This sweater design has taken forever to finish, and I’m finally ready to write up the pattern. But it needs a name!
It’s knit in the round out of Cascade Sierra (a cotton wool blend), and is meant to be along the same lines as Plath (which is my best selling pattern).
The stitch pattern is a cable-design that reminds me of butterfiles.
So, I’m inviting name suggestions. The best suggestions gets the pattern for free.
8 comments:
Beautiful sweater! I suggest naming it after artist/naturalist Maria Sibylla Merian (1647-1717), who studied butterflies and whose books supposedly inspired Nabokov to do the same.
Lepidoptera
I can't help it. I know butterflies and moths are not the same, but when you said butterflies it made me thing of Silence of the Lambs. Don't ask. I'm ashamed of myself really, but stay with me here.
Actually, I think "Clarice" would be a great name for this. The simple lines fit with Starling's roots. The cableling hints at her complexity.
I love how this sweater (like Plath) has a fun, sophisticated, vintage feel
I suggest naming it Soraya, after Persian princess/actress/ex-queen Soraya Esfandiary-Bakhtiari. She was a bit of a Princess Di of the 1960s.
Arabella
Rosalind.
The pattern reminds me of DNA's helical structure so naming it after Rosalind Franklin who was instrumental in the structure's discovery while receiving little credit seems appropriate.

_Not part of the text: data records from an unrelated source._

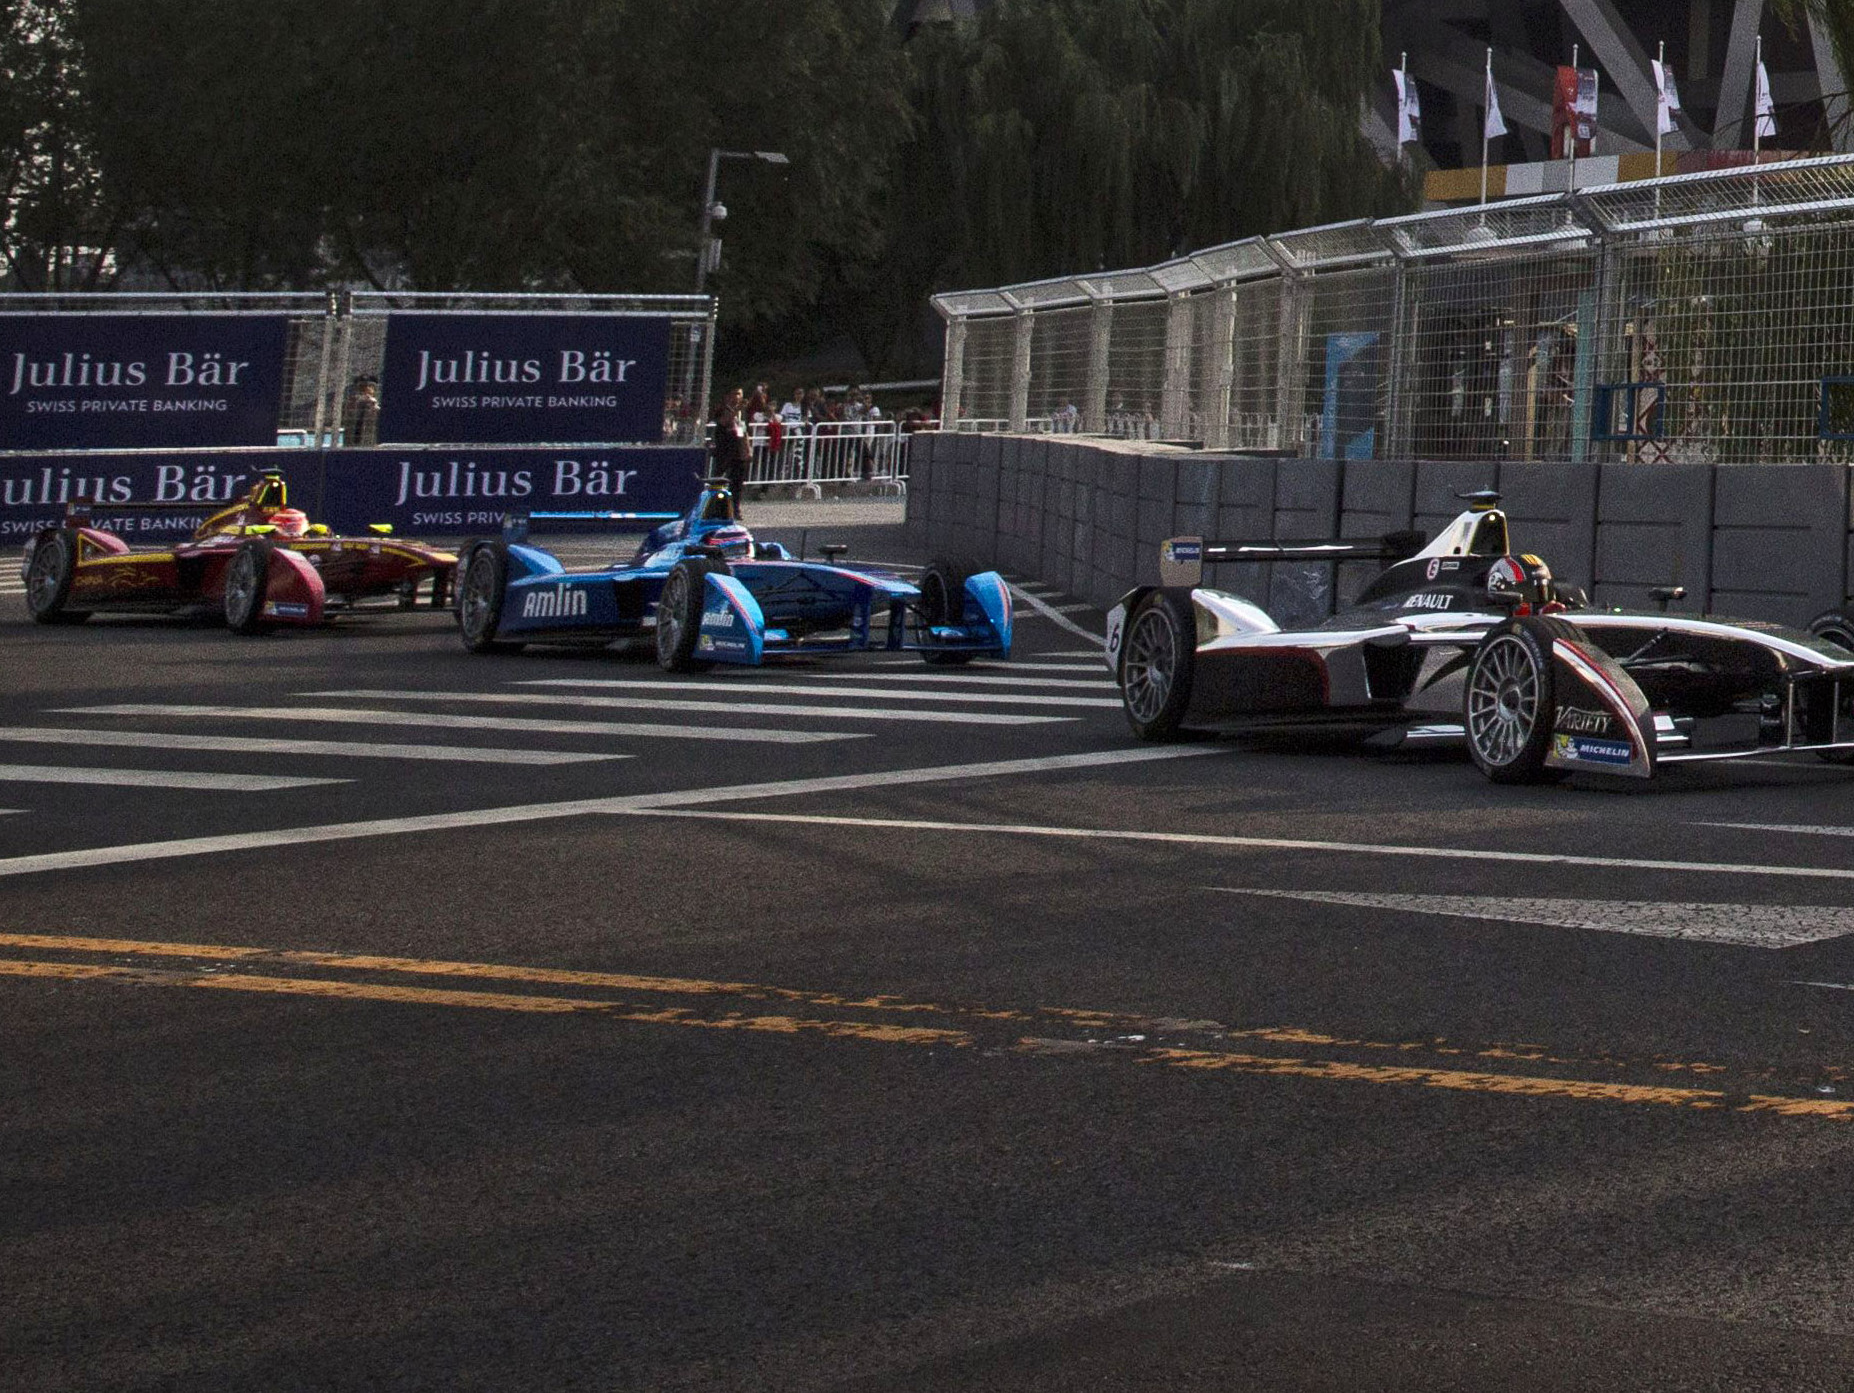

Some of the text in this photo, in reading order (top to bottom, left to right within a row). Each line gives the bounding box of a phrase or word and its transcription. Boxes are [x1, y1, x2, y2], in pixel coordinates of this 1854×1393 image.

[9, 352, 250, 395] Julius Bär
[415, 350, 637, 391] Julius Bär
[27, 399, 228, 413] SWISS PRIVATE BANKING
[432, 395, 618, 408] SWISS PRIVATE BANKING
[1, 464, 247, 506] ulius Bär
[394, 460, 638, 506] Julius Bär
[412, 512, 462, 525] SWISS
[1110, 623, 1120, 653] 6
[1580, 744, 1630, 757] MICHELIN

That said, I also like Sibylla for the sweater. Which, by the way, is beautiful.
Poprocks!! I don't know why, that just popped into my head the moment I saw the sweater, before I ever read that it reminded you of butterflies. Not a very "natural" name, but that's what jumped into my head!
I love this pattern, and wool/cotton blends are my favorite. This is probably a stretch, but your idea about it reminding you of butterflies made me think of moths and moths made me think of Elnora Comstock, the girl in Girl of the Limberlost who subsidized her studies by collecting moths. How about Limberlost?